## About this task
From the line that includes "this 1817×1363 image." to the last line of the records that follow, copy every line exactly and nothing more, omitting pictures.

## Saved entries
----------------------------------------

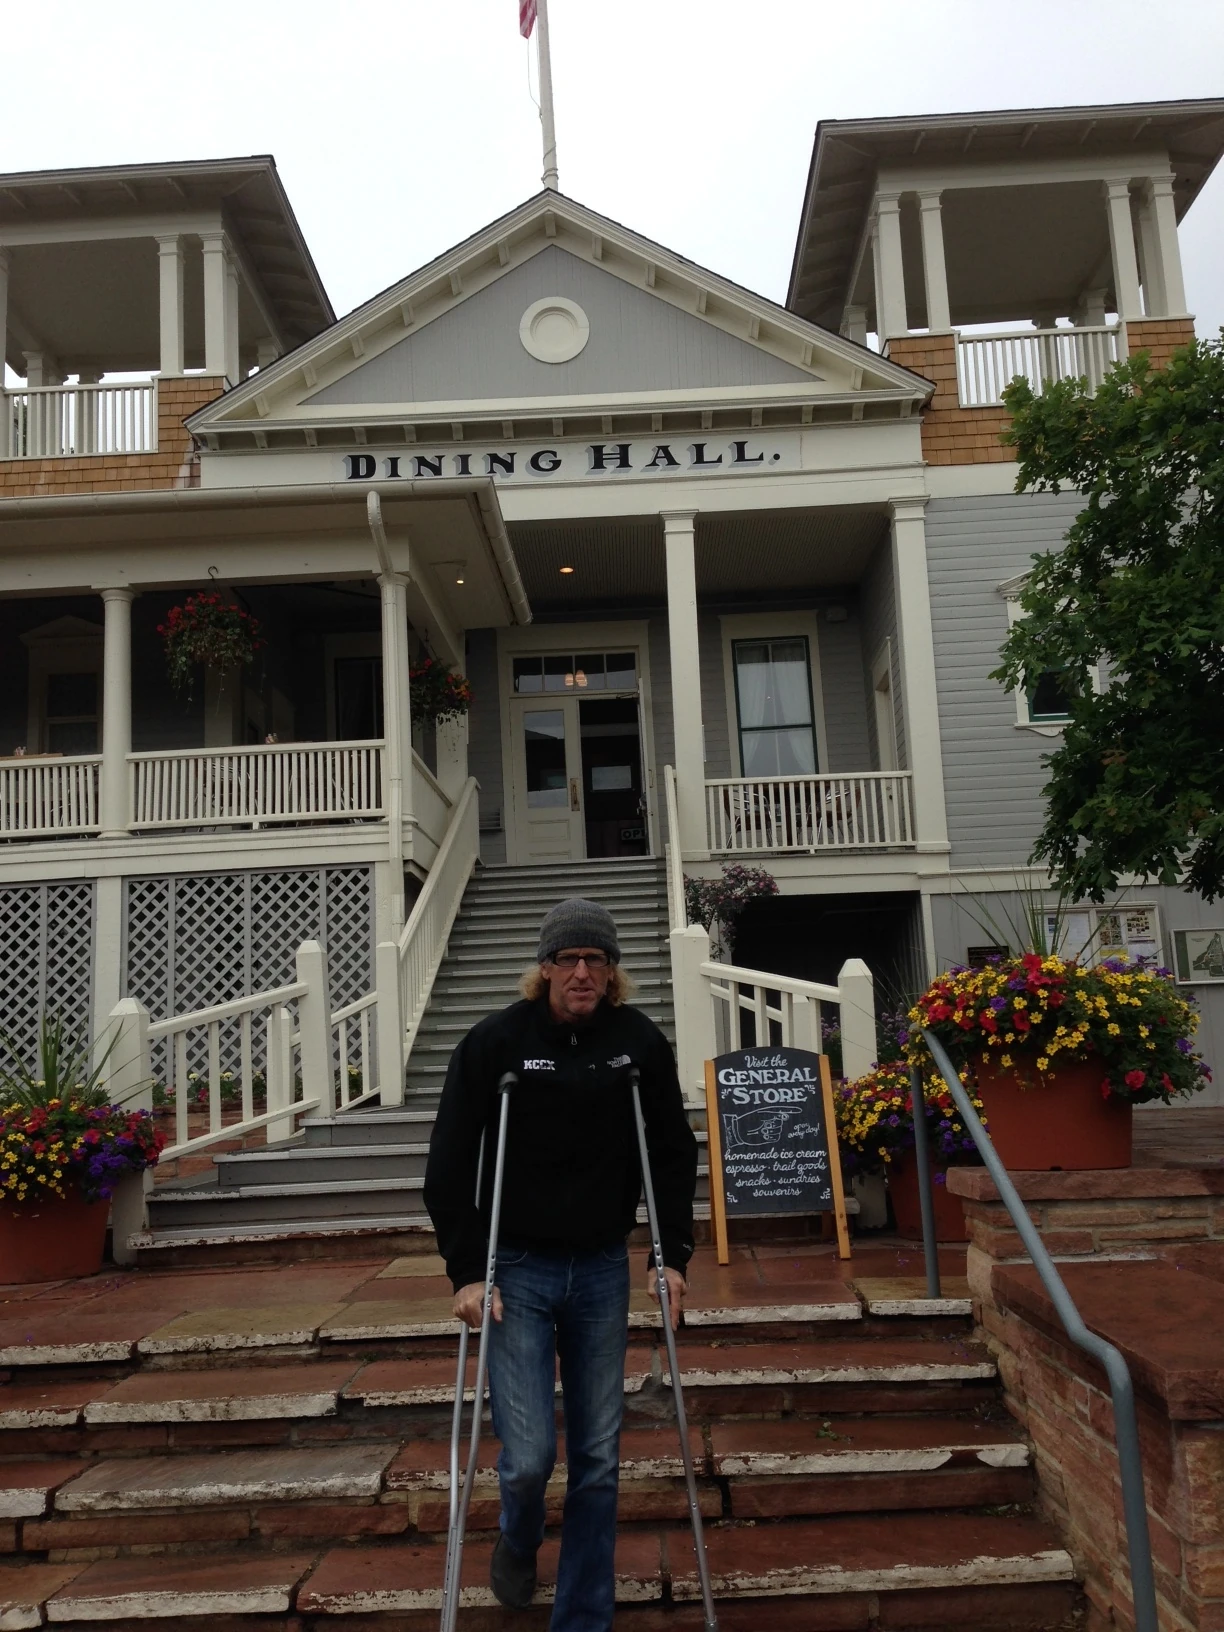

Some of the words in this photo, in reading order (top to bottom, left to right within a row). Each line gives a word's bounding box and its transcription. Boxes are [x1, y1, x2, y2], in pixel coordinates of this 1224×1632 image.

[345, 449, 563, 480] DINING
[588, 440, 782, 471] HALL.
[745, 1055, 769, 1068] Visit
[770, 1054, 788, 1067] the
[718, 1067, 817, 1086] GENERAL
[732, 1087, 808, 1105] STORE
[724, 1149, 779, 1161] homemade
[780, 1149, 795, 1159] ice
[795, 1150, 827, 1159] cream
[725, 1164, 766, 1177] espresso
[772, 1160, 796, 1172] trail
[797, 1158, 827, 1175] goods
[735, 1173, 771, 1187] snacks
[777, 1171, 821, 1185] sundries
[753, 1186, 802, 1197] souvenirs
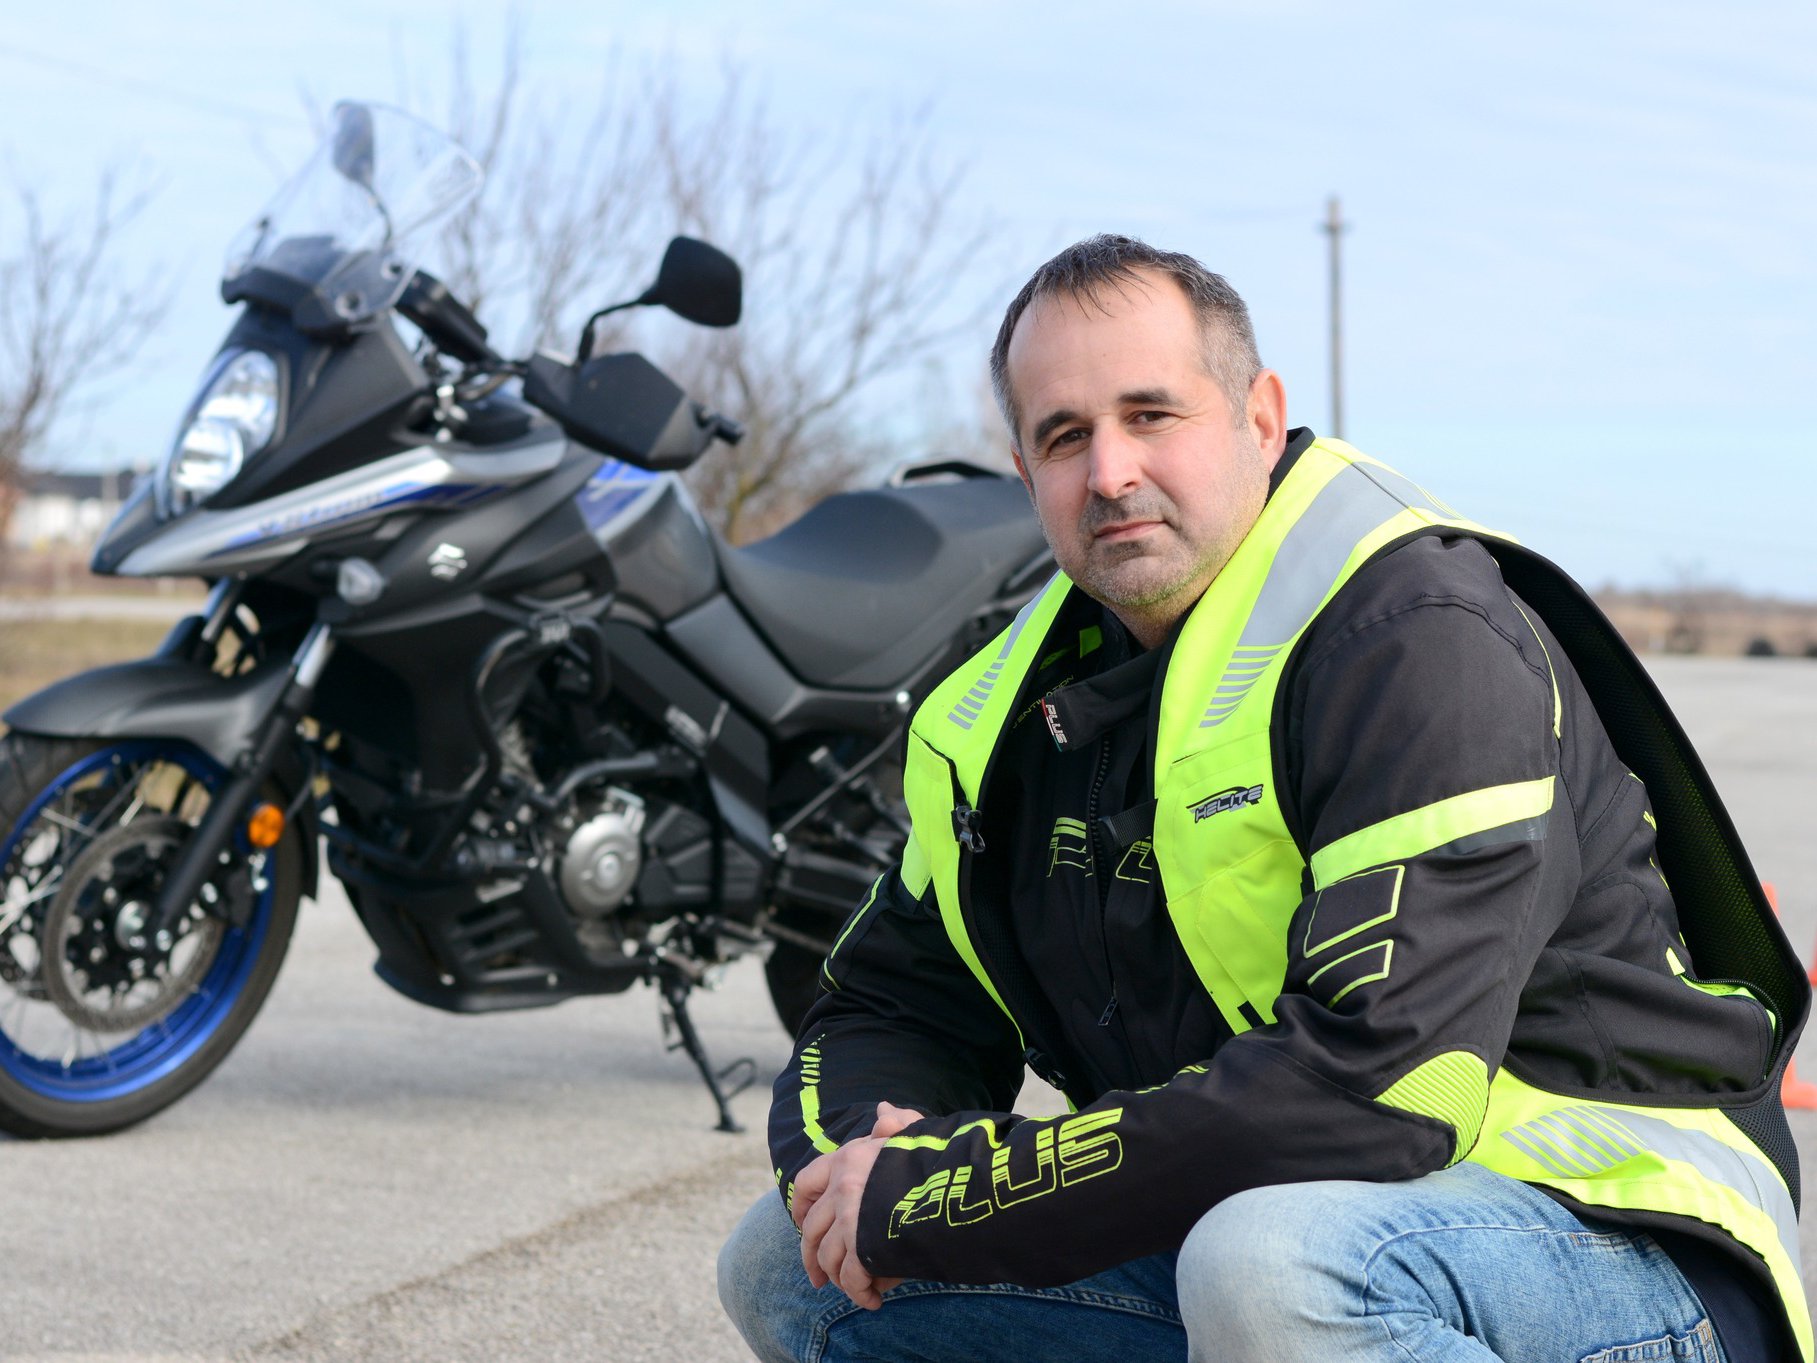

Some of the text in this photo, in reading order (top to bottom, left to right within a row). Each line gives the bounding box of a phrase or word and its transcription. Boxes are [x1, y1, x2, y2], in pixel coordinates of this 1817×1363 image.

[1045, 704, 1068, 744] PLUS
[1194, 784, 1264, 823] HELITE
[888, 1107, 1124, 1239] PLUS
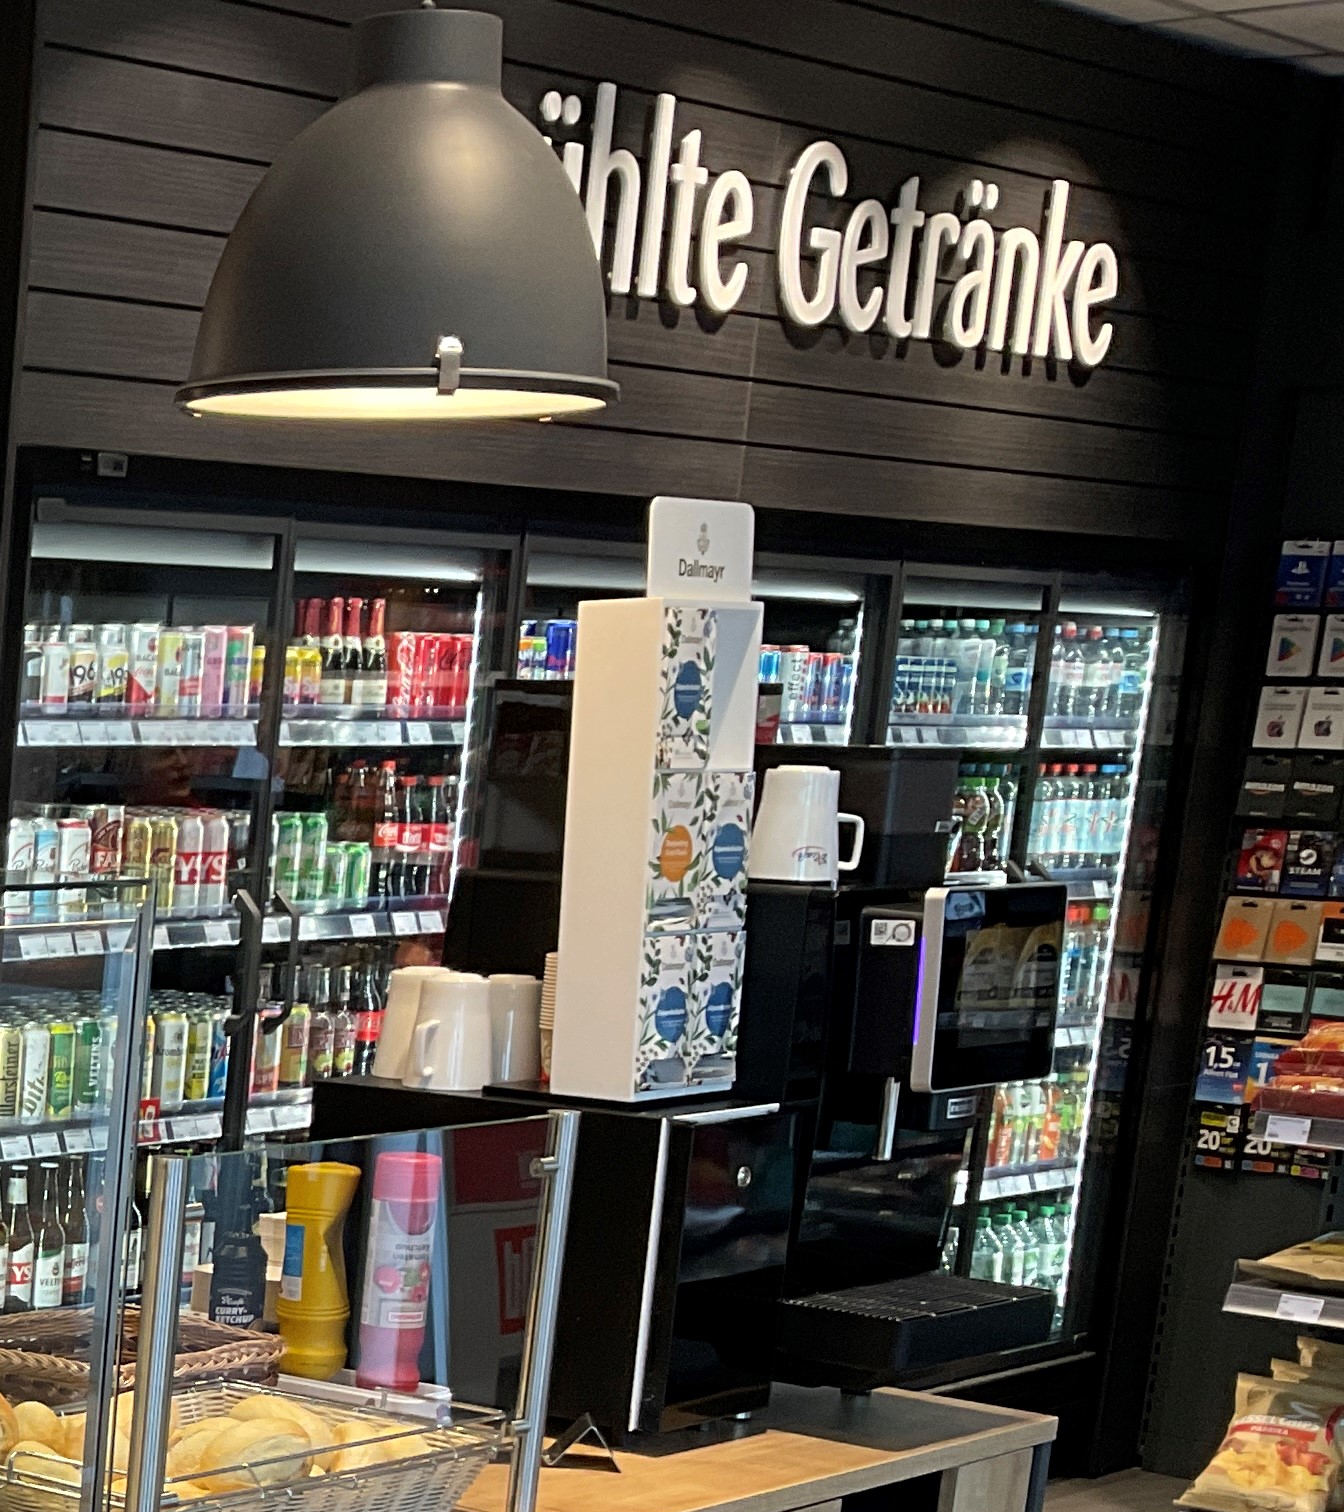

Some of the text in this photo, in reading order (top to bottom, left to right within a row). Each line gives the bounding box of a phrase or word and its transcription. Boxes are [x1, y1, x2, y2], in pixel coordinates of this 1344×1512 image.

[779, 140, 1119, 368] Getränke
[678, 558, 725, 581] Dallmayr
[787, 657, 802, 699] effect
[1288, 864, 1322, 877] STEAM
[0, 1041, 19, 1117] Warsteiner

----------------------------------------

## Task result
Some of the text in this photo, in reading order (top to bottom, left to right within a row). Each line gives the bounding box of a phrase or word and its transcription. Boxes are [x1, y1, x2, y2], in pixel coordinates of this 1817×1363 image.

[1045, 704, 1068, 744] PLUS
[1194, 784, 1264, 823] HELITE
[888, 1107, 1124, 1239] PLUS

Some of the text in this photo, in reading order (top to bottom, left to right within a row). Each line gives the bounding box of a phrase or word and its transcription. Boxes are [x1, y1, x2, y2], in pixel coordinates of this 1344×1512 image.

[779, 140, 1119, 368] Getränke
[678, 558, 725, 581] Dallmayr
[787, 657, 802, 699] effect
[1288, 864, 1322, 877] STEAM
[0, 1041, 19, 1117] Warsteiner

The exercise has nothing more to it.